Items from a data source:
***

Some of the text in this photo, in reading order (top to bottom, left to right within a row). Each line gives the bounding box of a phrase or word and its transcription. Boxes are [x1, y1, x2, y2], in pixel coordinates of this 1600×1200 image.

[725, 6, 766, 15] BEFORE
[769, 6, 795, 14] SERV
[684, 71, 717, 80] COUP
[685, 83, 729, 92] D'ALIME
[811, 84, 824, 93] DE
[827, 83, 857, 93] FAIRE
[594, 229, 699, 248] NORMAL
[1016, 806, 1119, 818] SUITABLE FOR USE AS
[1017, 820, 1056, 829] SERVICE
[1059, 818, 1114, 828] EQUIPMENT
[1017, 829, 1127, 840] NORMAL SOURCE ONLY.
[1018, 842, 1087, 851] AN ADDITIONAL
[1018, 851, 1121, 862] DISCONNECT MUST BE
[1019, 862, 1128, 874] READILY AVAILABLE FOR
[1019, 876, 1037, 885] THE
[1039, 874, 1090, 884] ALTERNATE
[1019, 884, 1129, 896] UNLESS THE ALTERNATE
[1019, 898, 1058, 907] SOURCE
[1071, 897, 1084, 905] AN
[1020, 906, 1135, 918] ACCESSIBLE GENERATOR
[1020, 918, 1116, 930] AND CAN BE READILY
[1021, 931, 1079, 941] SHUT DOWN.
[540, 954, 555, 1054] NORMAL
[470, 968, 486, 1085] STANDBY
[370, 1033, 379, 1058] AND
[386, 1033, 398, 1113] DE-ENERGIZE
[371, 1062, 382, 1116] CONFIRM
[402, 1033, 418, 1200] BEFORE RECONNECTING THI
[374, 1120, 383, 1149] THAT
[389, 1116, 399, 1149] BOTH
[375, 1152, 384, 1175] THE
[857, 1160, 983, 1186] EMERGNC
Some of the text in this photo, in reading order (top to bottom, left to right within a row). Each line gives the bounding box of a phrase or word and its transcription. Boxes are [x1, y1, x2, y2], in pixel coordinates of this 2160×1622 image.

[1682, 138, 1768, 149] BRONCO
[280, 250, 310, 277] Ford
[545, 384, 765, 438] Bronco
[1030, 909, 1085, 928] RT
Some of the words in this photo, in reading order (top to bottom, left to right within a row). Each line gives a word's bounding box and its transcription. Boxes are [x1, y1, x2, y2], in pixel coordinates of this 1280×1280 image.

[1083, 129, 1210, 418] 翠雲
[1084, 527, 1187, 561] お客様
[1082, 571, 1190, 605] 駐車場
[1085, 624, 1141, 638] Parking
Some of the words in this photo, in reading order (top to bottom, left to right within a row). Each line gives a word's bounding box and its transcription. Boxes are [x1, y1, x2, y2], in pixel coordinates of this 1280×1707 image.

***

TASK GOAL:
The reply should consist of all the records, repeated exactly.

RESULT OF THIS EXERCISE:
Some of the text in this photo, in reading order (top to bottom, left to right within a row). Each line gives the bounding box of a phrase or word and its transcription. Boxes are [x1, y1, x2, y2], in pixel coordinates of this 1600×1200 image.

[725, 6, 766, 15] BEFORE
[769, 6, 795, 14] SERV
[684, 71, 717, 80] COUP
[685, 83, 729, 92] D'ALIME
[811, 84, 824, 93] DE
[827, 83, 857, 93] FAIRE
[594, 229, 699, 248] NORMAL
[1016, 806, 1119, 818] SUITABLE FOR USE AS
[1017, 820, 1056, 829] SERVICE
[1059, 818, 1114, 828] EQUIPMENT
[1017, 829, 1127, 840] NORMAL SOURCE ONLY.
[1018, 842, 1087, 851] AN ADDITIONAL
[1018, 851, 1121, 862] DISCONNECT MUST BE
[1019, 862, 1128, 874] READILY AVAILABLE FOR
[1019, 876, 1037, 885] THE
[1039, 874, 1090, 884] ALTERNATE
[1019, 884, 1129, 896] UNLESS THE ALTERNATE
[1019, 898, 1058, 907] SOURCE
[1071, 897, 1084, 905] AN
[1020, 906, 1135, 918] ACCESSIBLE GENERATOR
[1020, 918, 1116, 930] AND CAN BE READILY
[1021, 931, 1079, 941] SHUT DOWN.
[540, 954, 555, 1054] NORMAL
[470, 968, 486, 1085] STANDBY
[370, 1033, 379, 1058] AND
[386, 1033, 398, 1113] DE-ENERGIZE
[371, 1062, 382, 1116] CONFIRM
[402, 1033, 418, 1200] BEFORE RECONNECTING THI
[374, 1120, 383, 1149] THAT
[389, 1116, 399, 1149] BOTH
[375, 1152, 384, 1175] THE
[857, 1160, 983, 1186] EMERGNC
Some of the text in this photo, in reading order (top to bottom, left to right within a row). Each line gives the bounding box of a phrase or word and its transcription. Boxes are [x1, y1, x2, y2], in pixel coordinates of this 2160×1622 image.

[1682, 138, 1768, 149] BRONCO
[280, 250, 310, 277] Ford
[545, 384, 765, 438] Bronco
[1030, 909, 1085, 928] RT
Some of the words in this photo, in reading order (top to bottom, left to right within a row). Each line gives a word's bounding box and its transcription. Boxes are [x1, y1, x2, y2], in pixel coordinates of this 1280×1280 image.

[1083, 129, 1210, 418] 翠雲
[1084, 527, 1187, 561] お客様
[1082, 571, 1190, 605] 駐車場
[1085, 624, 1141, 638] Parking
Some of the words in this photo, in reading order (top to bottom, left to right within a row). Each line gives a word's bounding box and its transcription. Boxes are [x1, y1, x2, y2], in pixel coordinates of this 1280×1707 image.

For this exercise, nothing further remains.